# Saved entries:
━━━

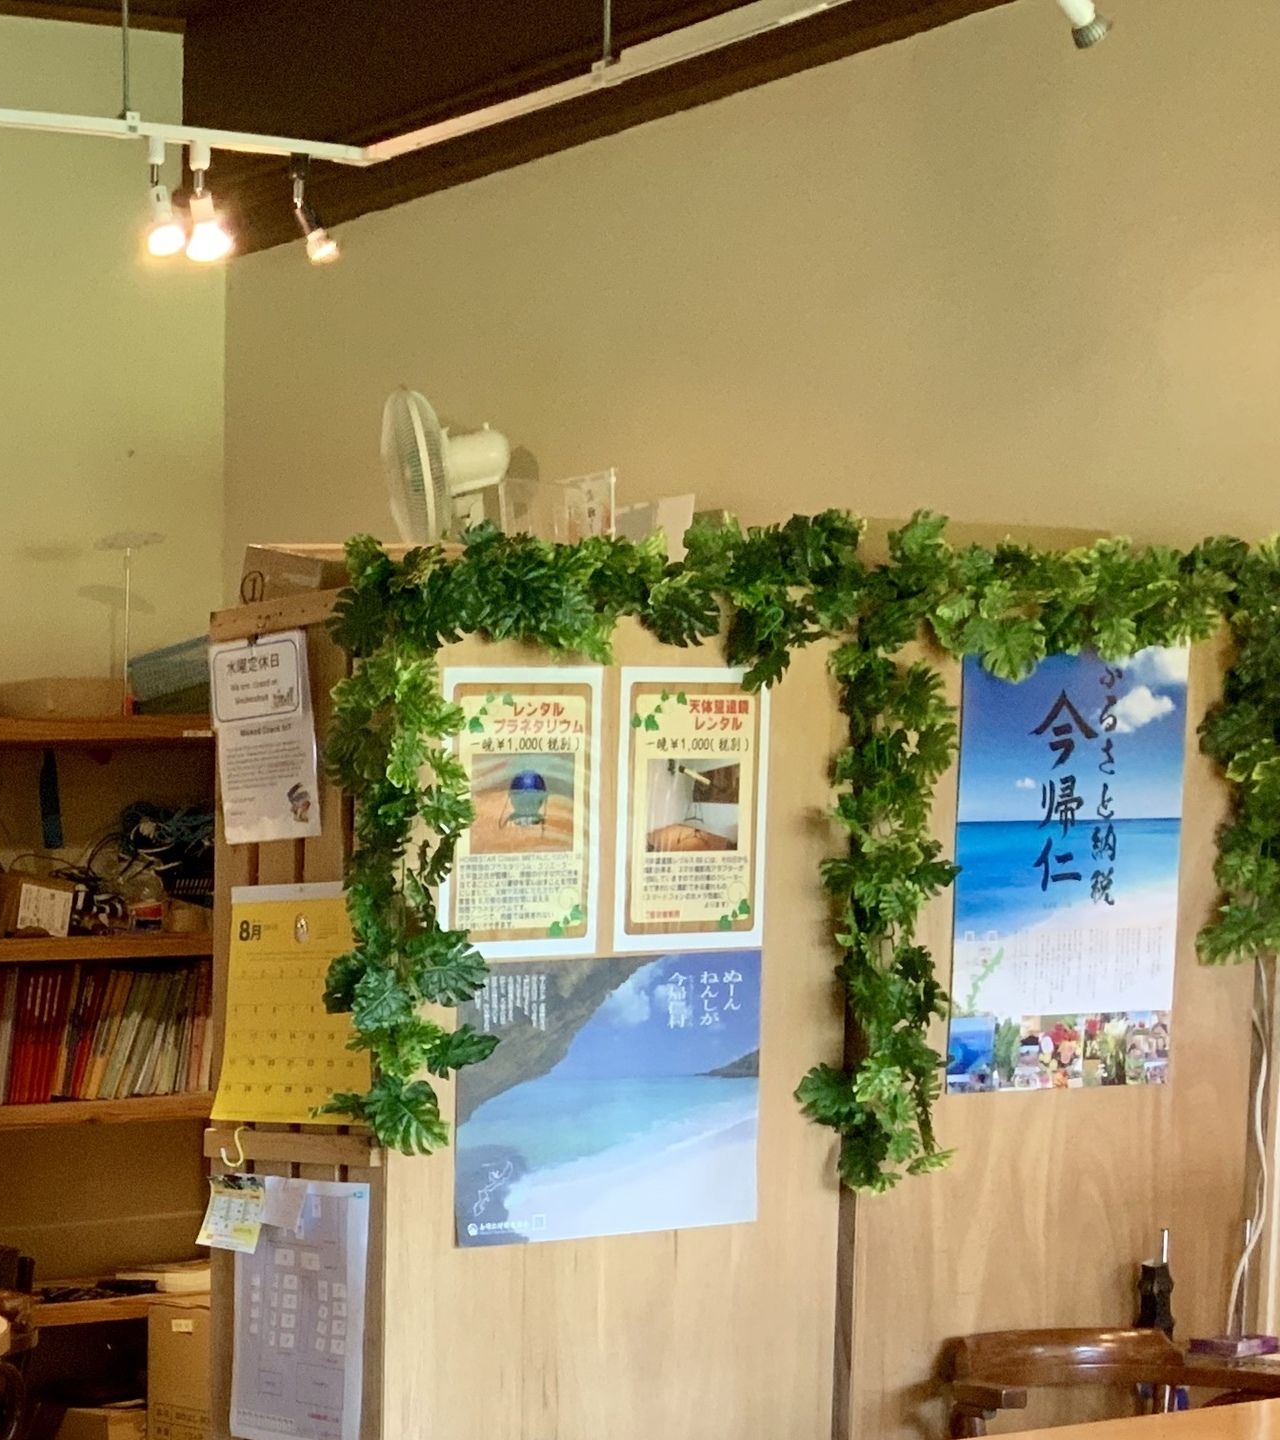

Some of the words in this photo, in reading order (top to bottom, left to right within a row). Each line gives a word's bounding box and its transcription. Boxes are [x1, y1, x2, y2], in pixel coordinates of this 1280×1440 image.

[513, 701, 565, 717] レンタル
[493, 719, 584, 735] プラネタリウム
[694, 716, 743, 732] レンタル
[1028, 688, 1099, 892] 今帰仁
[239, 920, 261, 941] 8月
[700, 971, 720, 1026] ねんしが

━━━

# Activity:
Print every entry above again, exactly as written. Leave the images out.

# Solved exercise:
Some of the words in this photo, in reading order (top to bottom, left to right within a row). Each line gives a word's bounding box and its transcription. Boxes are [x1, y1, x2, y2], in pixel coordinates of this 1280×1440 image.

[513, 701, 565, 717] レンタル
[493, 719, 584, 735] プラネタリウム
[694, 716, 743, 732] レンタル
[1028, 688, 1099, 892] 今帰仁
[239, 920, 261, 941] 8月
[700, 971, 720, 1026] ねんしが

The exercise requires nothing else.